Римус поджал губы – ему это не понравилось.
– У меня тут противоречие в приказах. Клодия велела вас
одних не оставлять. Вы говорите, чтобы меня здесь не было. Командная цепочка не
складывается.
– Слишком много генералов, – сказала я.
Он глянул на меня быстро и прямо:
– Да.
– Извини, Римус, – сказал Жан-Клод, – но
появление Элинор изменило ситуацию.
– Хорошо, но Реквием – последний, или я звоню Клодии и
говорю, что не могу вас охранять, поскольку вы не даете.
– Как ты сочтешь нужным, Римус.
Он еще раз сердито оглядел комнату, потом открыл дверь.

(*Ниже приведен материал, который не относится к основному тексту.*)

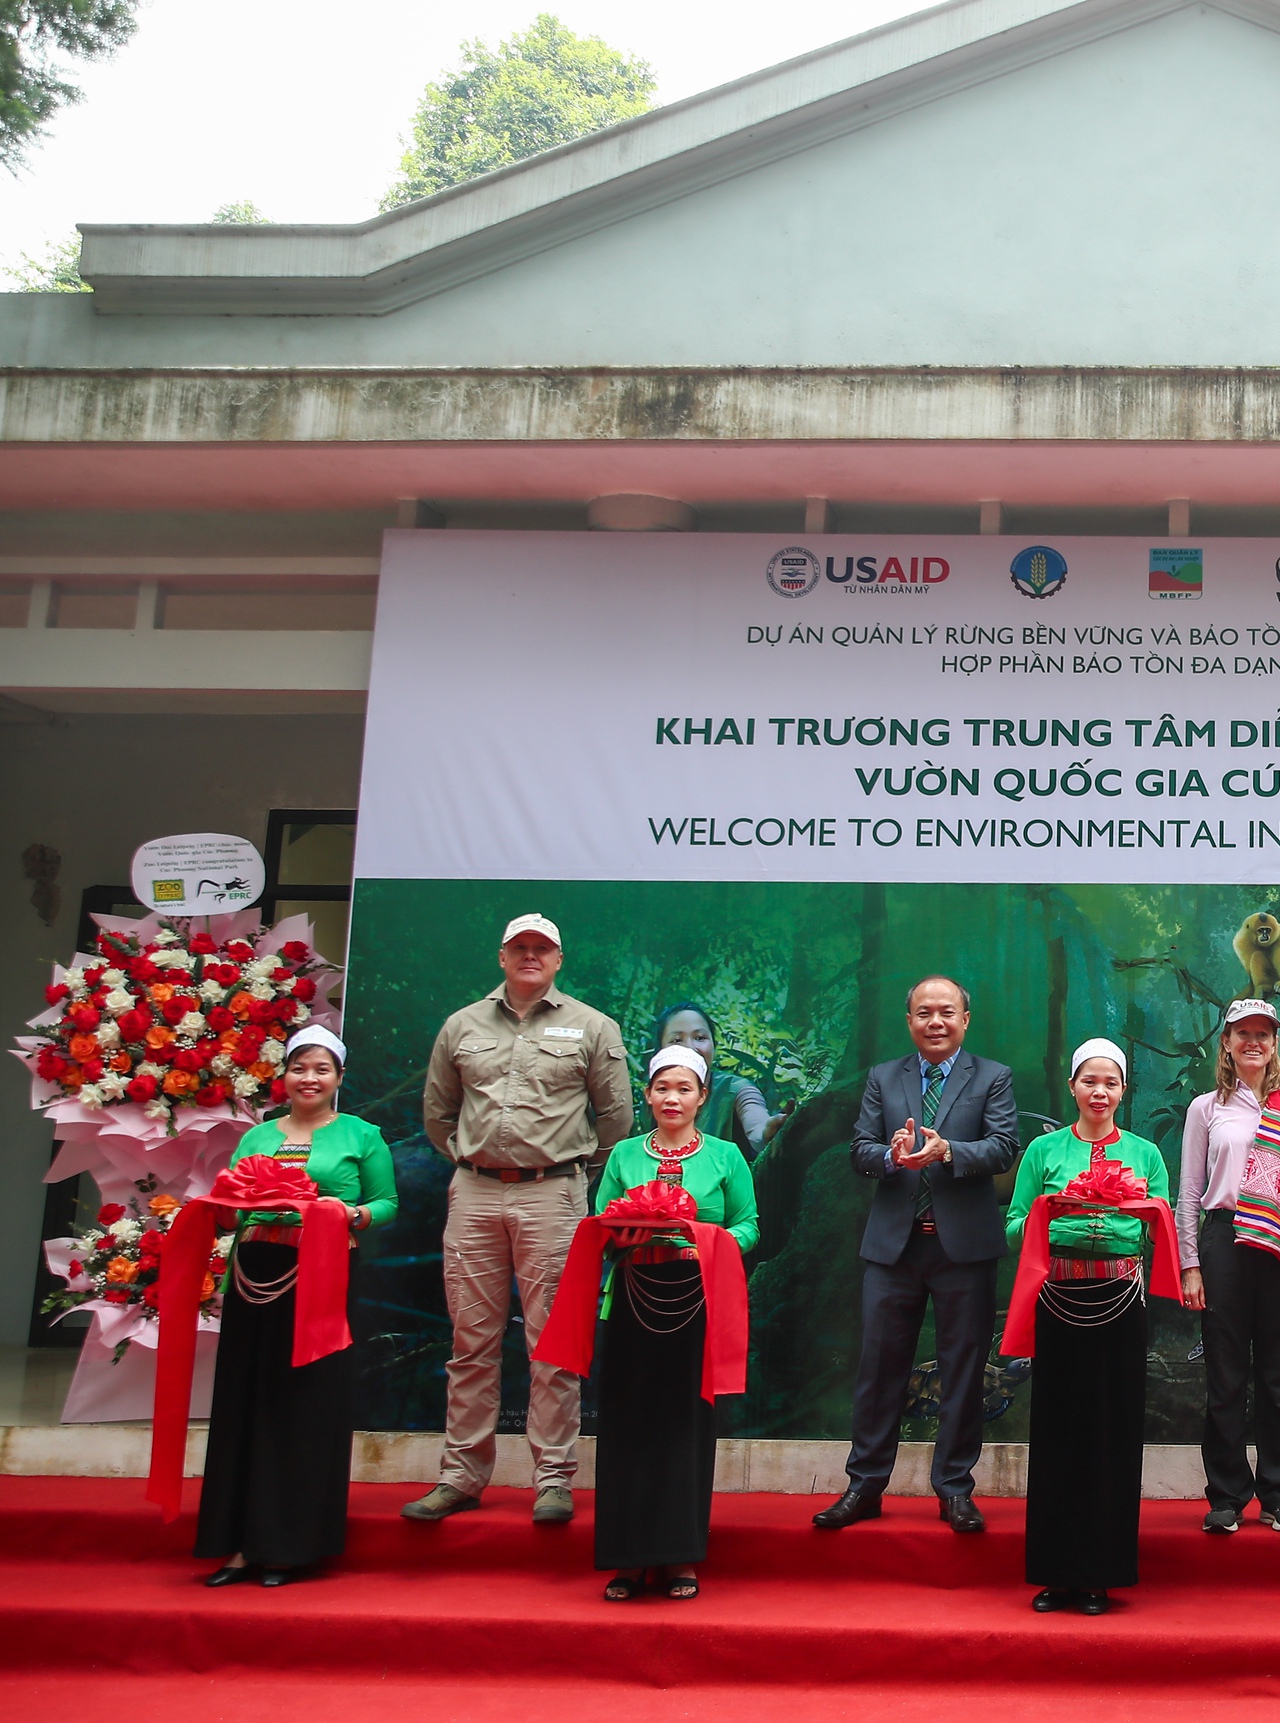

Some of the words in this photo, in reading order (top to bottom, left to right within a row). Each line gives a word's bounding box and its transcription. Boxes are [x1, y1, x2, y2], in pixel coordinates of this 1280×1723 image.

[826, 556, 950, 584] USAID
[844, 584, 857, 594] TỪ
[859, 585, 888, 594] NHÂN
[891, 585, 912, 594] DÂN
[915, 584, 930, 594] MỸ
[747, 624, 783, 647] DỰ
[788, 622, 824, 644] ÁN
[831, 622, 904, 647] QUẢN
[912, 623, 938, 645] LÝ
[945, 623, 1014, 645] RỪNG
[1022, 622, 1066, 646] BỀN
[1074, 623, 1143, 646] VỮNG
[1149, 623, 1182, 646] VÀ
[1190, 623, 1239, 646] BẢO
[942, 655, 992, 677] HỢP
[999, 651, 1064, 673] PHẦN
[1073, 651, 1122, 674] BẢO
[1130, 650, 1183, 674] TỒN
[1190, 656, 1227, 674] ĐA
[656, 718, 755, 746] KHAI
[769, 716, 950, 747] TRƯƠNG
[964, 719, 1112, 747] TRUNG
[1125, 714, 1216, 748] TÂM
[854, 760, 980, 796] VƯỜN
[993, 758, 1122, 802] QUỐC
[1135, 768, 1210, 797] GIA
[648, 817, 837, 847] WELCOME
[847, 818, 903, 847] TO
[916, 818, 1237, 848] ENVIRONMENTAL
[157, 883, 181, 891] ZOO
[229, 891, 252, 900] EPRC

Через секунду в нее вплыл Реквием. На нем был его черный плащ с капюшоном,
развевающийся вдоль тела, так что видна была от него только ван-дейковская
бородка, обрамляющая губы.
– Сильно ли тебе досталось, mon ami? – спросил
Жан-Клод.
Он движением плеч, без рук, сбросил капюшон, как отбрасывают
назад волосы. Правая сторона лица была покрыта багровыми кровоподтеками. Глаз с
этой стороны почти закрылся, лишь мелькала полосочка той синевы, что когда-то
заставила Белль Морт пытаться выкупить Реквиема у его первого мастера. Белль
подбирала тогда себе спектр голубоглазых мужчин: у Ашера самый светлый оттенок,
у Жан-Клода – самый темный, у Реквиема – самый яркий. Мастер его отказался, и
им пришлось бежать из Франции.
Длинные прямые волосы, такие темные, что сливались с черным
плащом, оттеняли бледность кожи, а синяки смотрелись как нанесенные багровыми
чернилами.
– Ух ты, – сказала я. – Сколько же тебе крови
понадобится, чтобы это вылечить?
Он посмотрел на меня так, что сразу стало ясно: я что-то умное
сказала.
– Много.
– Как чувствует себя все остальное? – спросил
Жан-Клод.
Реквием развел плащ широким жестом обеих рук – как будто
занавес раздернулся. Торс его белым пламенем светился на темном фоне, и только
когда глаза привыкли к этому контрасту, до меня дошло, что это белое – отчасти
и бинты. Правая рука, грудь и живот были густо укрыты марлей и пластырем.
– Боже мой, неужто Менг Дье в самом деле такое
сотворила?
– Да.
И больше он ничего не добавил. Редко бывало, чтобы Реквием
давал односложный ответ.
Он подошел к нам – плащ за ним развевался. То есть он шел
быстрее, чем казалось это по его скользящей походке.